### [Task details]
Return the data below unchanged, without images.
--- Data for the task Enclosed Below ---
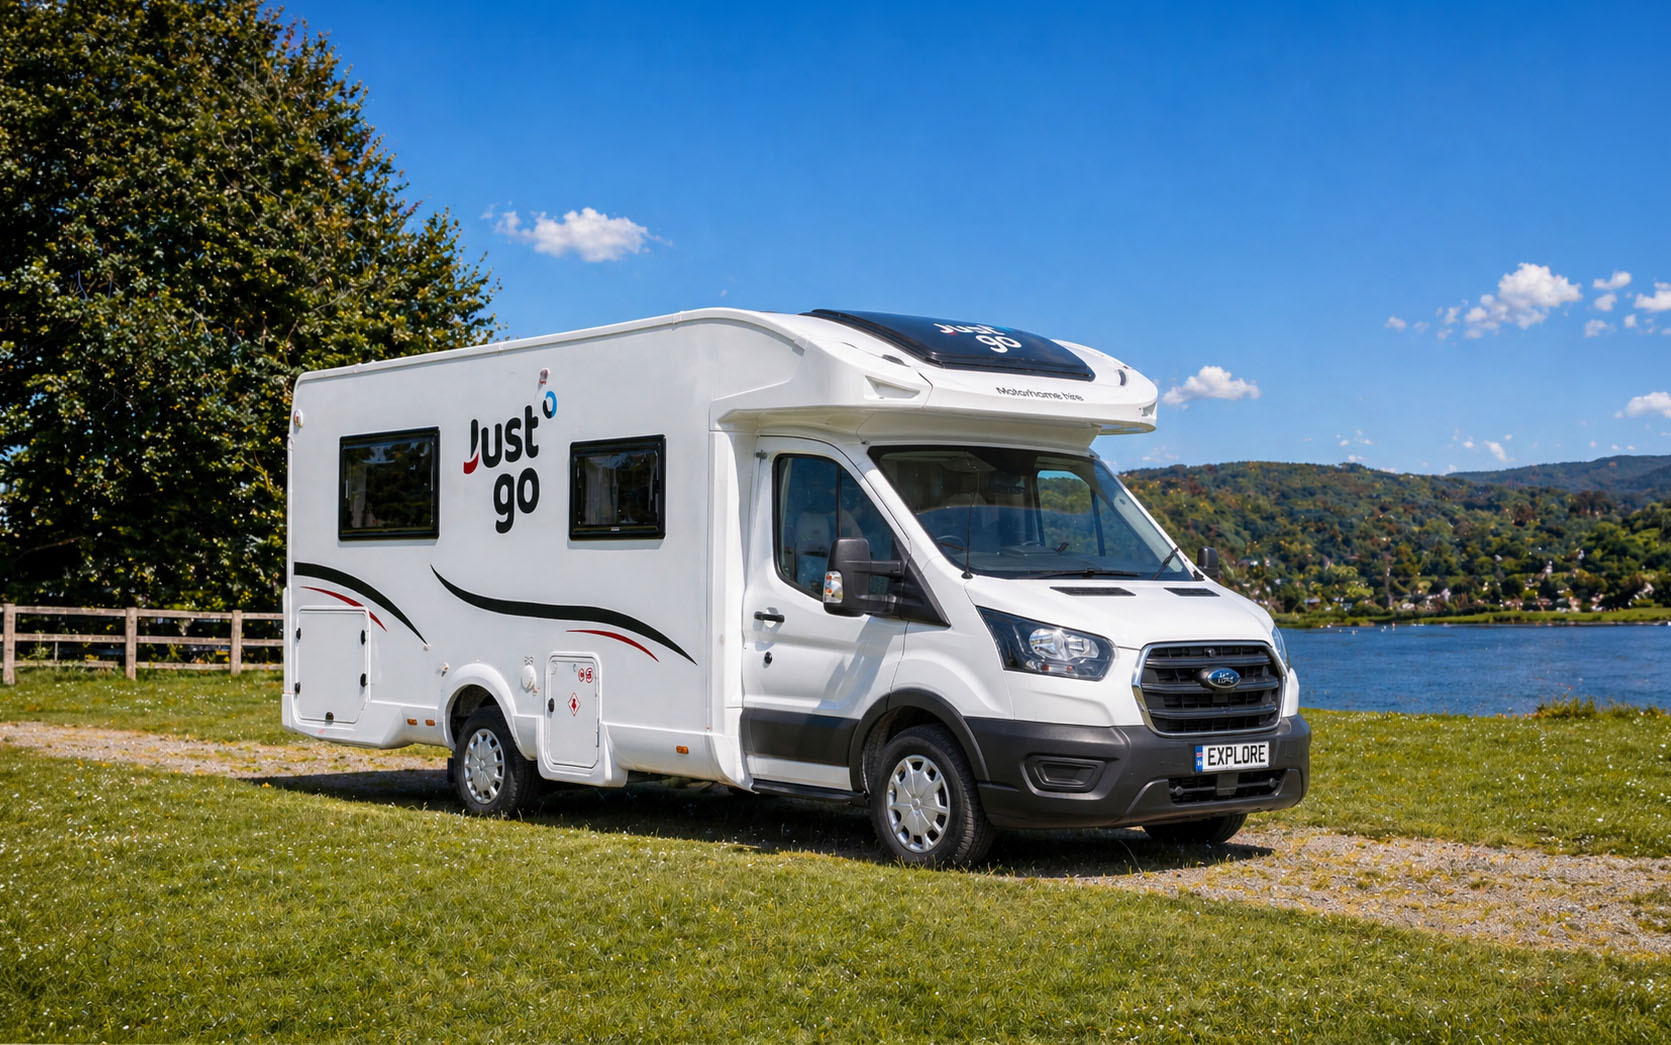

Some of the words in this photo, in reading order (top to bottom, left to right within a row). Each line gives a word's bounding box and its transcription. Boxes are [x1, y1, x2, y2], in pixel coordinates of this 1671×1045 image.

[933, 323, 1005, 336] Just
[975, 335, 1022, 353] go
[995, 386, 1062, 400] Motorhome
[1062, 391, 1084, 401] hire
[463, 405, 539, 474] Just
[494, 467, 540, 534] go
[1207, 744, 1266, 766] EXPLORE
--- End of Enclosed Data for the task ---
### [Solved problem]
Some of the words in this photo, in reading order (top to bottom, left to right within a row). Each line gives a word's bounding box and its transcription. Boxes are [x1, y1, x2, y2], in pixel coordinates of this 1671×1045 image.

[933, 323, 1005, 336] Just
[975, 335, 1022, 353] go
[995, 386, 1062, 400] Motorhome
[1062, 391, 1084, 401] hire
[463, 405, 539, 474] Just
[494, 467, 540, 534] go
[1207, 744, 1266, 766] EXPLORE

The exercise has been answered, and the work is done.